Lap Band is out... need the down and dirty on RNY
Hello! So here's the scoop. My plans were to have revision from band to sleeve, however during a pre-op endoscopy, Barrett's esophagus (where the lining of the esophagus begins to look like the lining of the intestine from too much acid exposure, whch could be precancerous) was discovered, and my surgeon says there is a possiblity that the VSG could worsen the barrett's esophagus. I still had the band out last Tuesday. It needed to be done, I was in a lot of pain, throwing up, my port was flipped... etc. So now my options are to have the RNY bypass, or nothing at all.. I am leaning towards the RNY, mostly because as many of you are in the same boat, find it extremely difficult to control appetite after the band is out. So, what I am asking, before I make the drastic move, can I have the real deal details on the RNY, from recovery after surgery through maintenance?

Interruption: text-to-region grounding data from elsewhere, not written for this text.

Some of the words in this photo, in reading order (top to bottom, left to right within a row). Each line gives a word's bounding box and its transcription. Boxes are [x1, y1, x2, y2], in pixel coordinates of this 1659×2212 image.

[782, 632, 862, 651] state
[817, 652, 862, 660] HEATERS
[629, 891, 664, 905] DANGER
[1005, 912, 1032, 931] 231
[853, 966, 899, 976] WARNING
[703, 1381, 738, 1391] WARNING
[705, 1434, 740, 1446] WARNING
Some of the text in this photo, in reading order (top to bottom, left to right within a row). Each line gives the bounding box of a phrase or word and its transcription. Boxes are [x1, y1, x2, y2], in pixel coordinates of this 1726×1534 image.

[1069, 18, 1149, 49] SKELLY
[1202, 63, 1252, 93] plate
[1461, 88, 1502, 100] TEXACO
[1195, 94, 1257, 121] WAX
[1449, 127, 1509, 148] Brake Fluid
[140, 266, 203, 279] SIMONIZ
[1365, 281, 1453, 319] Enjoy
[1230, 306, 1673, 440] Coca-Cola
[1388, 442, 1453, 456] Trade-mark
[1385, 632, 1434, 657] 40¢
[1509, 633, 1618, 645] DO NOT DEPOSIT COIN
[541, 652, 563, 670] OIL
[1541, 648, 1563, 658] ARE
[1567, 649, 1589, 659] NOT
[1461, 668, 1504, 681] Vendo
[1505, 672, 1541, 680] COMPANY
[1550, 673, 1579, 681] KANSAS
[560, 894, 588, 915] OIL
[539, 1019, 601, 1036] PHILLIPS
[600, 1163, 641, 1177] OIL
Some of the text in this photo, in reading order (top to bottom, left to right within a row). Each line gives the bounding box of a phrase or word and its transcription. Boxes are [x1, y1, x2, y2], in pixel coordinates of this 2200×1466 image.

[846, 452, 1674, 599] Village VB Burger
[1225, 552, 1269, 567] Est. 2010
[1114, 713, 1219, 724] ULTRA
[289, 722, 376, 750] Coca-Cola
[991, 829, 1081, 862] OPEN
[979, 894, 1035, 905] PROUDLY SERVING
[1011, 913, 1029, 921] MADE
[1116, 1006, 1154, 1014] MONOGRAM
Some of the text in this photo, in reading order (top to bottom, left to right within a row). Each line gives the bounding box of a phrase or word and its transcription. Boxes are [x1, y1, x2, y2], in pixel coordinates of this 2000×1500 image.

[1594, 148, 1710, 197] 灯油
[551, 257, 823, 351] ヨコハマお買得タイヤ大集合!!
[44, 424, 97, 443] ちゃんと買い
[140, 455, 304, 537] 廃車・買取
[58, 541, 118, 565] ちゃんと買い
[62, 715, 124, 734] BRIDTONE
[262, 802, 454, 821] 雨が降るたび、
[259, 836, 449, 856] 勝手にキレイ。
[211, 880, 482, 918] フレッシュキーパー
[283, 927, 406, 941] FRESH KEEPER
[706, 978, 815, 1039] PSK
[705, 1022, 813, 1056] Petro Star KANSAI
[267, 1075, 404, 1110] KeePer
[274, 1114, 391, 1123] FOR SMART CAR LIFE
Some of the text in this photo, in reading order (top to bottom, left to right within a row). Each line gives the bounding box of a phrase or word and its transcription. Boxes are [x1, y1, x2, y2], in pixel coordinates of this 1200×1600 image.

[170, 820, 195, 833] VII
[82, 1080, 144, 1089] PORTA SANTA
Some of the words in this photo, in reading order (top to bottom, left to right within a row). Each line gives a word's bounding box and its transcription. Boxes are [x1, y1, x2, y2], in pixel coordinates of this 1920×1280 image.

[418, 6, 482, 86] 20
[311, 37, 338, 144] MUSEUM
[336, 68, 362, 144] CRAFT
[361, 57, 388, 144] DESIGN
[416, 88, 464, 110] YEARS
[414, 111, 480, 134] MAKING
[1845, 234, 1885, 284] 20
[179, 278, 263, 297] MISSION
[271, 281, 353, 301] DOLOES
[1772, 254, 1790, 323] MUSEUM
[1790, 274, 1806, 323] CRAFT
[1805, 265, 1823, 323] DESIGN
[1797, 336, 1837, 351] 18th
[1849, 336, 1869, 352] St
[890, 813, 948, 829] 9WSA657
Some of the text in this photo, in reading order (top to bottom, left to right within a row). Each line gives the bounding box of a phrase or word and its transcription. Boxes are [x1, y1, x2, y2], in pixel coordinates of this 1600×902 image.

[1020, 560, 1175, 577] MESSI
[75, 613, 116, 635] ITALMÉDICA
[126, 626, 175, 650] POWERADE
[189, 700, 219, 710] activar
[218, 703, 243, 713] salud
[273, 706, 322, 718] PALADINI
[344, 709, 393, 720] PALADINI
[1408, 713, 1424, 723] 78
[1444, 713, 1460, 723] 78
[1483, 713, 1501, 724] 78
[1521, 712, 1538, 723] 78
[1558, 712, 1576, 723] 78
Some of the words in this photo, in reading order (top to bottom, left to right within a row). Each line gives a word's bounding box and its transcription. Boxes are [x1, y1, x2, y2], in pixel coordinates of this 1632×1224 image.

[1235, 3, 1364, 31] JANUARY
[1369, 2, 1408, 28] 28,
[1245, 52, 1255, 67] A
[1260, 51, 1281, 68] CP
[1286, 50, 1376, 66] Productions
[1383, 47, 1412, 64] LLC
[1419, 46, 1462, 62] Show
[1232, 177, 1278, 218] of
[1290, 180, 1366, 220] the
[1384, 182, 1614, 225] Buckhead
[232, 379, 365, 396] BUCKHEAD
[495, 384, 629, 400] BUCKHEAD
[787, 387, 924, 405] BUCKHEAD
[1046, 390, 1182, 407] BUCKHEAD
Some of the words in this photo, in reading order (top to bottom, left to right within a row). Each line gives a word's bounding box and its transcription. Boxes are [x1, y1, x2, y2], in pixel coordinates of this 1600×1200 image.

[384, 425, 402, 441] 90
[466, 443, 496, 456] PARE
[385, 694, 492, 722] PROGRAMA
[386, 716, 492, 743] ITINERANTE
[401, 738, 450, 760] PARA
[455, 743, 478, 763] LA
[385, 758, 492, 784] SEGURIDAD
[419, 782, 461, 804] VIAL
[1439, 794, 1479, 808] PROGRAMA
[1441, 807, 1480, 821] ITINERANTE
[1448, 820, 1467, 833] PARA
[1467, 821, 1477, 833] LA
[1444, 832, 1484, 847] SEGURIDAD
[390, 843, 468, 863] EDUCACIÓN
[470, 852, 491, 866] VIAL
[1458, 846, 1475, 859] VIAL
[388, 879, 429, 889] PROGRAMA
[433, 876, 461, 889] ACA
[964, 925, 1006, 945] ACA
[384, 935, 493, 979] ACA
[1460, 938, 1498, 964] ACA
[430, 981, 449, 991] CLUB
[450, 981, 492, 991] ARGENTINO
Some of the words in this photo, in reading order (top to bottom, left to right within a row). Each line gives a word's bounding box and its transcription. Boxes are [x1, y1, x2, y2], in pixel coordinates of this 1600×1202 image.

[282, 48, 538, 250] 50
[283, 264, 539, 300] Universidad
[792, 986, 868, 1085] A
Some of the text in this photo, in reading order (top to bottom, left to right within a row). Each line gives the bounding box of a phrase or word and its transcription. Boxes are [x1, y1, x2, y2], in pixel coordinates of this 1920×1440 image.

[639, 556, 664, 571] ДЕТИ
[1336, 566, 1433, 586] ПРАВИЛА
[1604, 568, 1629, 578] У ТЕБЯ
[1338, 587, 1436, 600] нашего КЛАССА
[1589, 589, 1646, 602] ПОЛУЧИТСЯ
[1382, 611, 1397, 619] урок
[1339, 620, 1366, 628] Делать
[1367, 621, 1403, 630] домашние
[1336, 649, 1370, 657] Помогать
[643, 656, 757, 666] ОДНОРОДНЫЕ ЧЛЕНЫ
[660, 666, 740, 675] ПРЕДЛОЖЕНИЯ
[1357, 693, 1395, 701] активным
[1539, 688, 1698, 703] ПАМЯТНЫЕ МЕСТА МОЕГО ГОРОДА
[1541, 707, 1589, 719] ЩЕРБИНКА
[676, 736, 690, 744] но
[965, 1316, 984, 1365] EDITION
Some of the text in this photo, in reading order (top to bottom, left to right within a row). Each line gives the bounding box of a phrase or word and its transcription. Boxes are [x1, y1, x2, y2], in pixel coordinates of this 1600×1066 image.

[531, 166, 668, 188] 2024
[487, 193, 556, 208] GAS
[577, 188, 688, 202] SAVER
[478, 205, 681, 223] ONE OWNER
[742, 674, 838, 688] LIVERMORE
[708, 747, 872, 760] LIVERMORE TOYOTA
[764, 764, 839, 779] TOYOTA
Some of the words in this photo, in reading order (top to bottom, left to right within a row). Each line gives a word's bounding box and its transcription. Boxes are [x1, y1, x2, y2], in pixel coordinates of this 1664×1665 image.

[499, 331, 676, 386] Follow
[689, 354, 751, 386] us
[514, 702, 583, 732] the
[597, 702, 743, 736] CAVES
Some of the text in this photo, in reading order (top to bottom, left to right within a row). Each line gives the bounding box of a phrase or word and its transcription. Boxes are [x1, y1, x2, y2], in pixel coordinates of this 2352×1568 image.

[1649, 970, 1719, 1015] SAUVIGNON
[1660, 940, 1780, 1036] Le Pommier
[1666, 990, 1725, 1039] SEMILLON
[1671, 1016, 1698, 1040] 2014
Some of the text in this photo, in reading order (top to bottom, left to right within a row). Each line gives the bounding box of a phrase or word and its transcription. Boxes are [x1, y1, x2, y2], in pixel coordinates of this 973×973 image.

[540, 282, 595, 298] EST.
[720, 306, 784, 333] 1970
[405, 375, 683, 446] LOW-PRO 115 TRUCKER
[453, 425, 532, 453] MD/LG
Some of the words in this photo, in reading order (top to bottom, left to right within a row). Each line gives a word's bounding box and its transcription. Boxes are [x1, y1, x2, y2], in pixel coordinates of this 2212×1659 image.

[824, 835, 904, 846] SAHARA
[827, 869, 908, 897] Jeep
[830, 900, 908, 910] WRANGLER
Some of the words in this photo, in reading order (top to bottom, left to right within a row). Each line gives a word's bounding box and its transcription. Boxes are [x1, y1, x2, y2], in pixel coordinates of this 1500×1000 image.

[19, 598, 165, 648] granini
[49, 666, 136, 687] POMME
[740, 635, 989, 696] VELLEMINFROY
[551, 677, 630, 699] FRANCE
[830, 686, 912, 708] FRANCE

Please help me in the confusing time!!!
Please help me in the confusing time!!!
I need to get my band out because it has slipped. Also, I was having severe heartburn and acid reflux. Once the fluid was taken out of the band, however, it went away. I met with my surgeon with full intent of getting the VSG, but my surgeon said if I had heartburn with the band, I'll have it with the sleeve. Also, my father currently has esophageal cancer, so I want to avoid heartburn/reflux as much as possible. I was told and read that with the RNY, you don't have issues with heartburn/reflux. My surgeon has HIGHLY recommended instead that I go to the RNY. After talking to a couple friends who have had both procedures (sleeve & RNY), and doing some research, I am now hoping to proceed with the RNY.